When I was in my late ‘teens, I used to participate on certain weeknights in a ‘soup-run’ down to “Cardboard City” (as in those days we called it) on the Thames Embankment. Sometimes the soup was returned (not in quite the same form as you had handed it out, if you see what I mean). But there I met a woman who had very evidently fallen on “hard times”. Truth to tell she was dirty and dishevelled and appeared to have lost every semblance of self-respect. “Old Annie” was well known all right, but for all the wrong reasons. Then quite suddenly she disappeared.
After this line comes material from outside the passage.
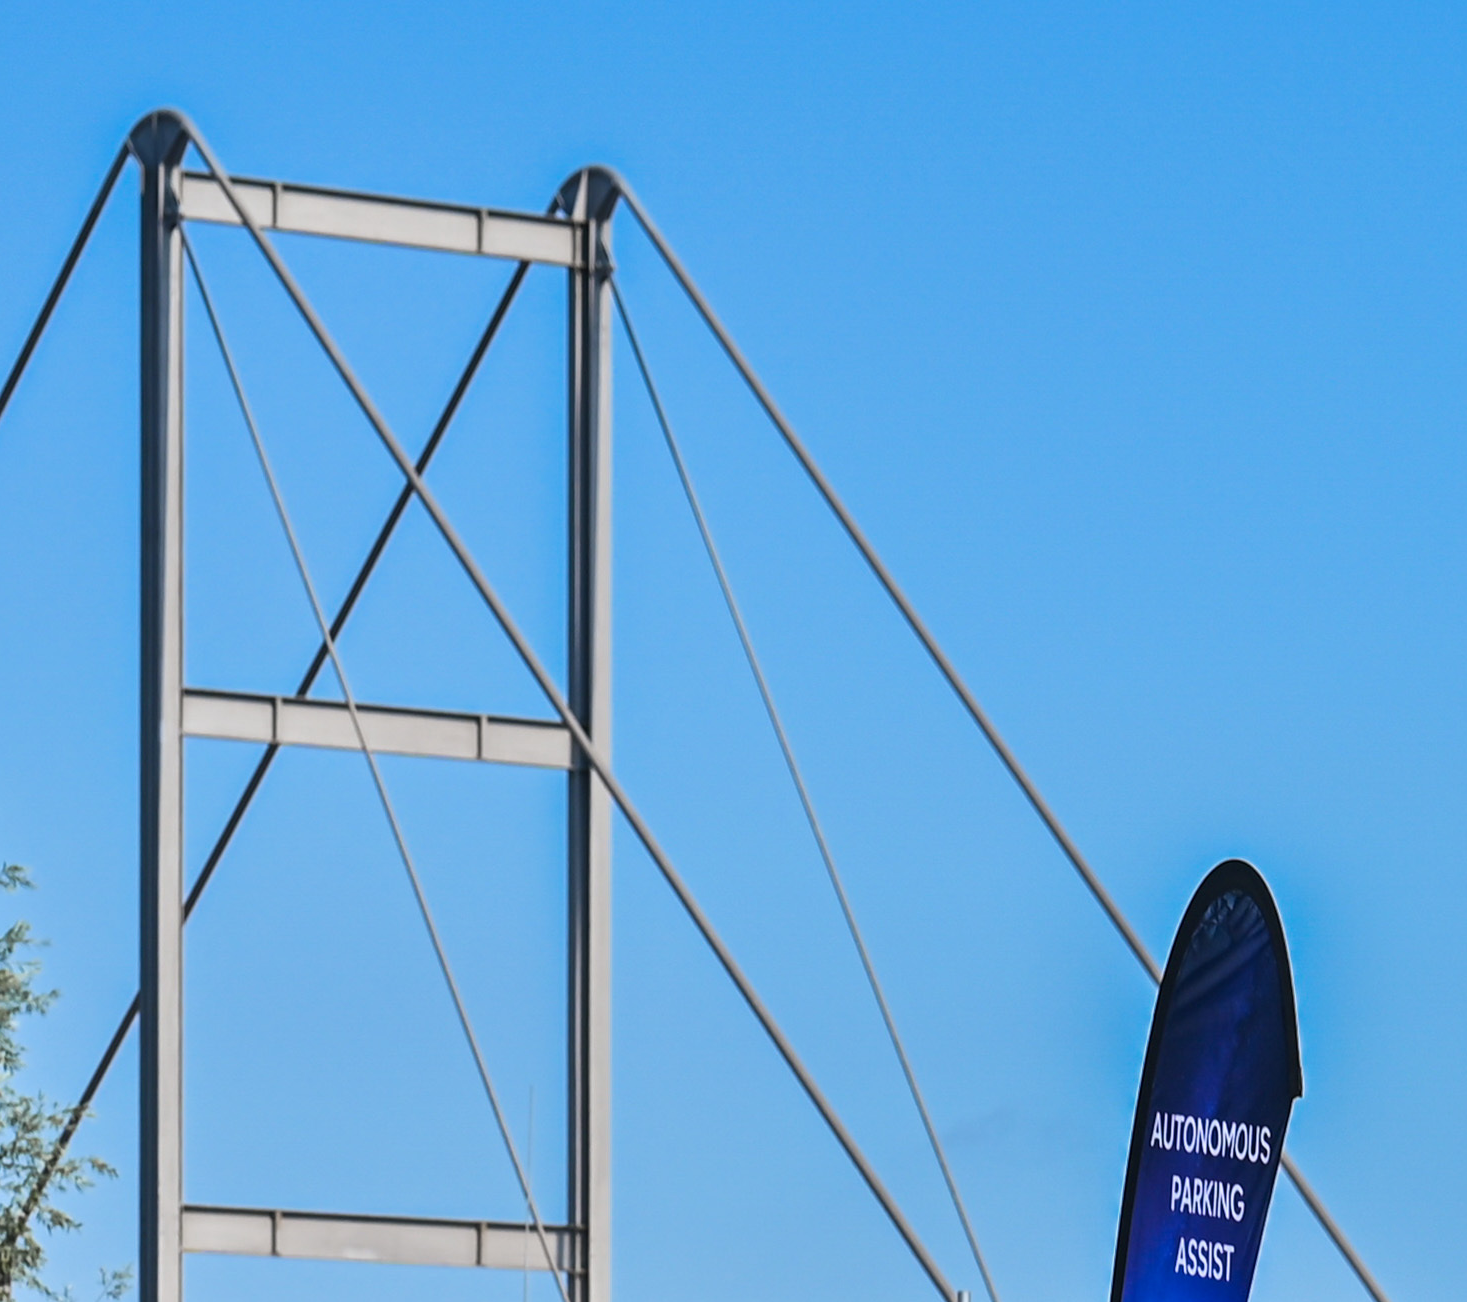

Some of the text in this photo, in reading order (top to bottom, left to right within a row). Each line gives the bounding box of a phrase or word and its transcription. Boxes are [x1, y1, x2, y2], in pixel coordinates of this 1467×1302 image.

[1150, 1111, 1272, 1165] AUTONOMOUS
[1171, 1174, 1245, 1222] PARKING
[1175, 1237, 1235, 1282] ASSIST
Enquire as I might I couldn’t find her, although I must have visited every hostel for the poor and night shelter in that part of London. Then I had (what some refer to as) a stroke of luck and to cut a rather lengthy story short, I traced old Annie to St Luke’s hospital-home for the dying in Bayswater. (Indeed, on one of only two occasions that I visited Annie before she died, I was approached by a tall, striking in appearance and gracious lady, who, so I gathered in those days, was working there as an Almoner· and was seeking any available information on Annie’s next of kin etc. Many years later we were to meet again on the ‘inaugural platform’ of the British Psychosocial Oncology Society (BPOS), at King’s College, London and later, when I had the privilege of spending a few weeks working at St Christopher’s Hospice Sydenham, Kent. It was, of course, the late Dame Cicely Saunders, in those days a Lady Almoner** and before she embarked upon further study and training, to become a singularly distinguished consultant physician, who devoted her life and time to the UK Hospice Movement.
As I sat by Annie’s bed, I observed a tattered Bible resting on her locker. She asked me to read a psalm to her from her Sunday school days…”about the Shepherd and his sheep”. Clearly someone – perhaps even Annie herself – had been there before me, since the place in the Bible contained a makeshift bookmark in the form of a sort of tract headed, “When the Truth Hurts…” only someone had crossed out the “Hurts” and written above it “Heals”. When – even right at the end of her days and forsaking all lesser goals, pursuits and dreams – old Annie fastened onto firm and enduring thoughts in the form of what she perceived to be truth, still glimmering from those far-off days of childhood, it shone through with beacon-like radiance – “Even when passing through the valley of the shadow of death, I will not be afraid. You will be there…” Thus she did – such was and is my belief and desire for her – find hope and peace at the last.